- Exercise prompt: Reproduce the records below exactly as shown.

(Dataset excerpts begins)

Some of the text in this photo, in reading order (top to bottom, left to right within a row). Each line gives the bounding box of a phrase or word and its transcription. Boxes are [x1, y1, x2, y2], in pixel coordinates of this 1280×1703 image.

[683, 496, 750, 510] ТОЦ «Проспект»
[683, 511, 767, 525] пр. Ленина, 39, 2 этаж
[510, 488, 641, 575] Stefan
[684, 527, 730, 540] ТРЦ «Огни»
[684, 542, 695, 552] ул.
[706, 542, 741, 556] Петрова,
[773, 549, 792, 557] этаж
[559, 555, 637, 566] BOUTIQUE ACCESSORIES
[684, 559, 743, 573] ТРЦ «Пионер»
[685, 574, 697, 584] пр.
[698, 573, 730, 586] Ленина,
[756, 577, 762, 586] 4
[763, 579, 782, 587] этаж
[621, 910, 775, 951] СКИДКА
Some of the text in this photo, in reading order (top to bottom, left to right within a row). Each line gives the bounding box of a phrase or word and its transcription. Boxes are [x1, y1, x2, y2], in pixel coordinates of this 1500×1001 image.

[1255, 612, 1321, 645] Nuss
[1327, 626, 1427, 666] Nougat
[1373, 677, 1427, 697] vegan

(Dataset excerpts ends)

- Output for this task:
Some of the text in this photo, in reading order (top to bottom, left to right within a row). Each line gives the bounding box of a phrase or word and its transcription. Boxes are [x1, y1, x2, y2], in pixel coordinates of this 1280×1703 image.

[683, 496, 750, 510] ТОЦ «Проспект»
[683, 511, 767, 525] пр. Ленина, 39, 2 этаж
[510, 488, 641, 575] Stefan
[684, 527, 730, 540] ТРЦ «Огни»
[684, 542, 695, 552] ул.
[706, 542, 741, 556] Петрова,
[773, 549, 792, 557] этаж
[559, 555, 637, 566] BOUTIQUE ACCESSORIES
[684, 559, 743, 573] ТРЦ «Пионер»
[685, 574, 697, 584] пр.
[698, 573, 730, 586] Ленина,
[756, 577, 762, 586] 4
[763, 579, 782, 587] этаж
[621, 910, 775, 951] СКИДКА
Some of the text in this photo, in reading order (top to bottom, left to right within a row). Each line gives the bounding box of a phrase or word and its transcription. Boxes are [x1, y1, x2, y2], in pixel coordinates of this 1500×1001 image.

[1255, 612, 1321, 645] Nuss
[1327, 626, 1427, 666] Nougat
[1373, 677, 1427, 697] vegan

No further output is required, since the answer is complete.